Research from Bain & Company reveals a troubling trend among business executives: 90% admit they do not have a security plan addressing the impending threats posed by quantum computing. With the technology rapidly approaching a tipping point, the potential for malicious actors to breach encrypted data is becoming alarmingly real.
According to Bain’s findings, a significant 71% of surveyed executives believe that quantum-enabled attacks could materialize within five years, while a third anticipate these threats could emerge even sooner, within three years. Despite this urgency, many businesses remain unprepared. The report highlights that the transition to quantum-resistant solutions could take organizations up to five years to implement fully.
Challenges in Transitioning to Quantum Security
Bain’s analysis indicates that organizations will face numerous hurdles in adapting to the quantum landscape. These include identifying vulnerable systems, upgrading cryptographic infrastructure, and aligning with evolving standards. The firm expressed concerns, stating that organizations heavily reliant on legacy systems may be particularly at risk, making them more appealing targets for cybercriminals.
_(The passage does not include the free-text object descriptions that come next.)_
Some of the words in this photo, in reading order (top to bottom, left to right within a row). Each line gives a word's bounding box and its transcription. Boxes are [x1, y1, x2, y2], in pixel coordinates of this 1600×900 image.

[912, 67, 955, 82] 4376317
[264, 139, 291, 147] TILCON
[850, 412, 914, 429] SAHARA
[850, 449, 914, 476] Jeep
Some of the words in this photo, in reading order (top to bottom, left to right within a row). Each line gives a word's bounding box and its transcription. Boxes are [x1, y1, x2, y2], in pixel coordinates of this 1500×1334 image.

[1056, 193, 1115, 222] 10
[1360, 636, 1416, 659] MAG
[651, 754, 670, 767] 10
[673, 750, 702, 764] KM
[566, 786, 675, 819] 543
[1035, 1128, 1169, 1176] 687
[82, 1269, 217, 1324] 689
The report emphasizes the need for swift action, urging business leaders to prioritize preparations rather than delaying for years. A company blog post noted, “Boards and executives should prioritize and resource the necessary work to guard against this rising threat before it’s too late.”
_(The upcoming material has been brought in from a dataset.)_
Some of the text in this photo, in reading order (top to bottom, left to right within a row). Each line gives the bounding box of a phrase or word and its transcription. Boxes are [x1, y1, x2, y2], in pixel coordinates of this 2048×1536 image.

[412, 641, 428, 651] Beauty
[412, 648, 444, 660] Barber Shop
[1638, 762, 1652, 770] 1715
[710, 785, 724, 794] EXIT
Industry Awareness and Existing Initiatives
Despite the lack of preparedness, Bain found that nearly 65% of IT and cybersecurity leaders recognize the risks associated with quantum computing and anticipate its negative impact on cybersecurity. Some companies are beginning to take proactive measures to strengthen their defenses.
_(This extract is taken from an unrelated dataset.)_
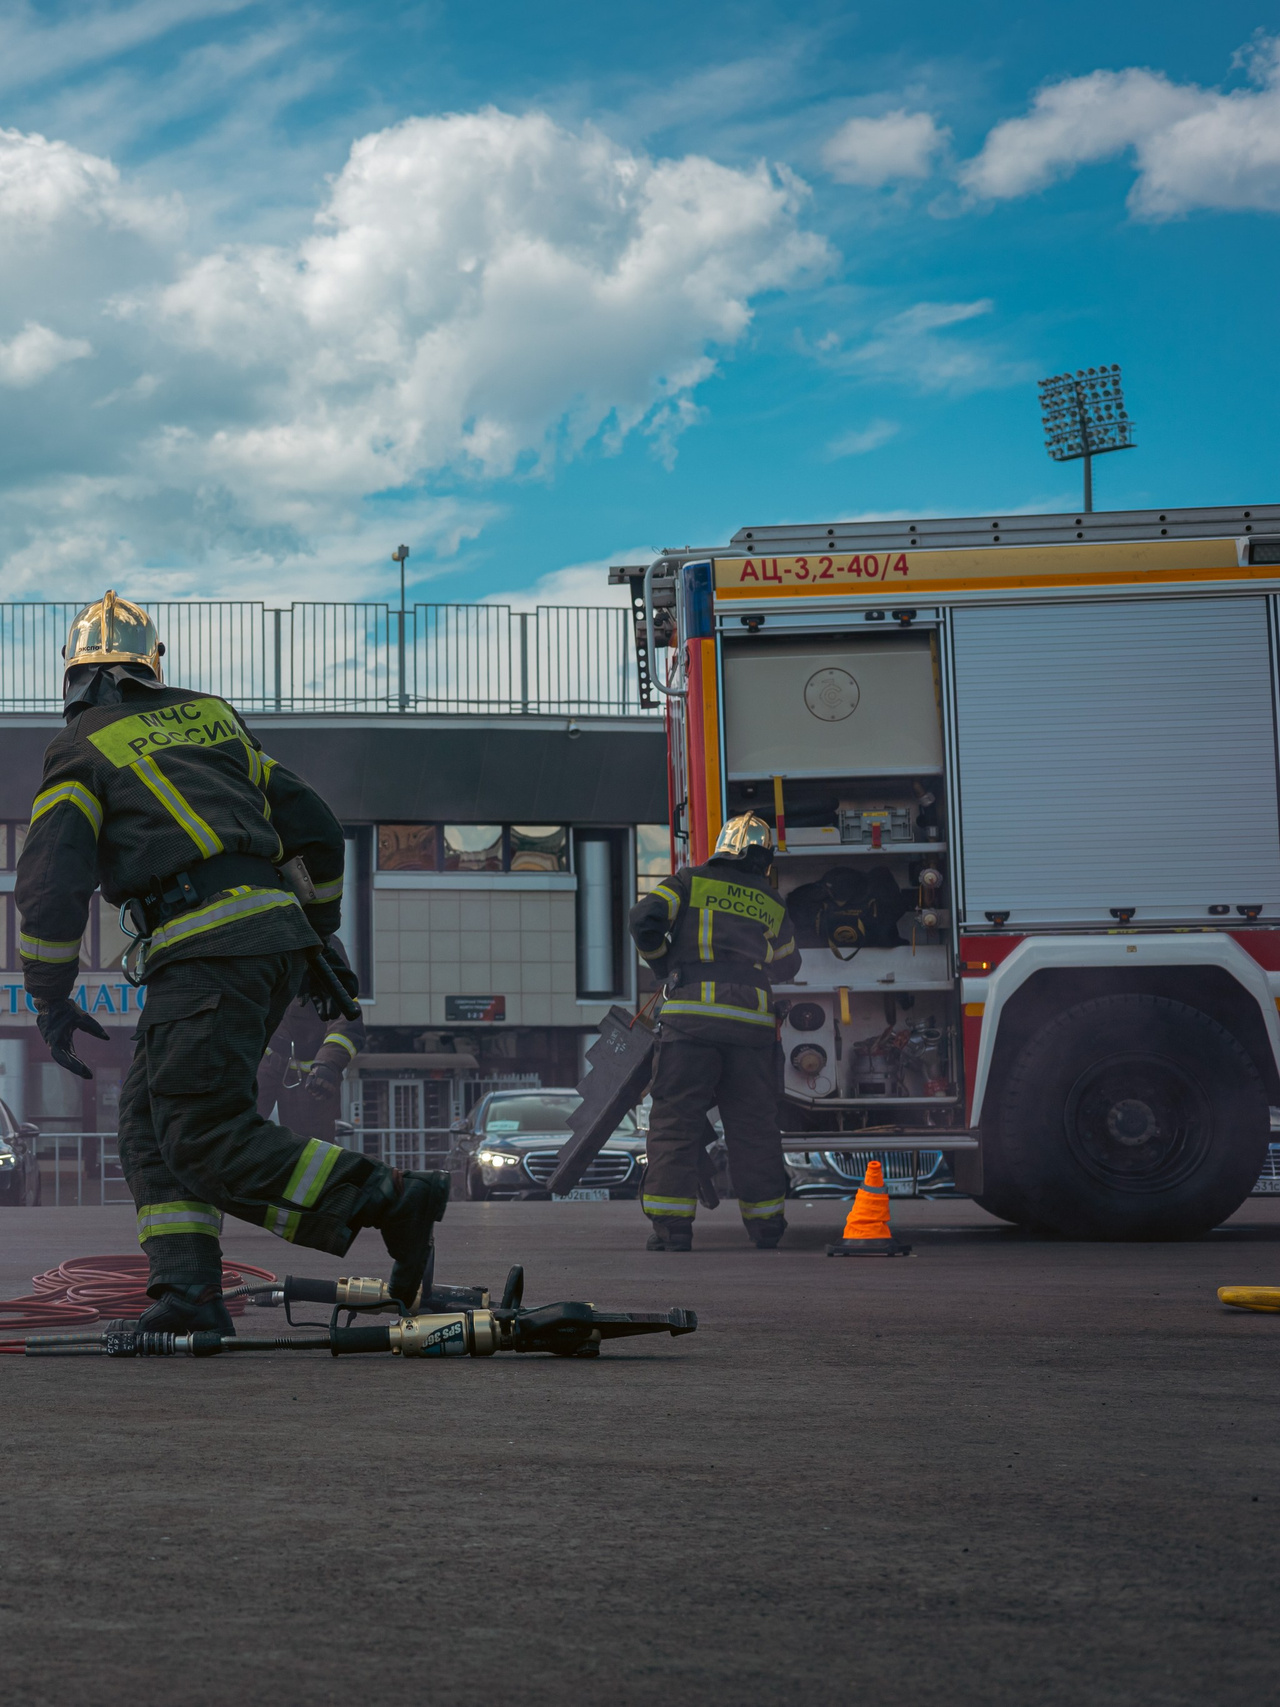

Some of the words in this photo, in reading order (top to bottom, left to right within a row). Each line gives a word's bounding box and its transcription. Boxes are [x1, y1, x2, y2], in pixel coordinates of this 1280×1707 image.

For instance, Cloudflare has collaborated with Google to enhance quantum security for the web, particularly focusing on post-quantum cryptography (PQC). Additionally, Viavi Solutions is working on frameworks and reference architectures to implement quantum-safe security across telecommunications and enterprise networks.
Bain’s findings echo previous studies, including a survey conducted by ISACA in May 2023, which revealed that 62% of 2,600 global IT and cybersecurity professionals expressed concern over quantum computing’s ability to compromise encryption. Interestingly, just over half, 57%, acknowledged it would introduce new business risks.
Despite this awareness, ISACA’s report highlighted a lack of action. Around 40% of respondents were unaware of their organization’s plans regarding quantum threats, while 41% had no strategies in place to mitigate potential risks. Alarmingly, only 5% of respondents viewed addressing quantum threats as a high priority for the near future, even with a quarter of them predicting quantum’s widespread implementation within five years.
Rob Clyde, former chair of ISACA’s board and current chairman of Crypto Quantique, stressed the urgency of addressing these issues. He wrote, “If we don’t move now to start solving issues like re-encrypting our data, switching to new digital signatures and moving our systems over to new algorithms, we are creating problems that will become increasingly difficult to address.”
As the threat of quantum computing becomes more tangible, organizations must act decisively to safeguard their systems and data. The time for planning is now, not in the distant future.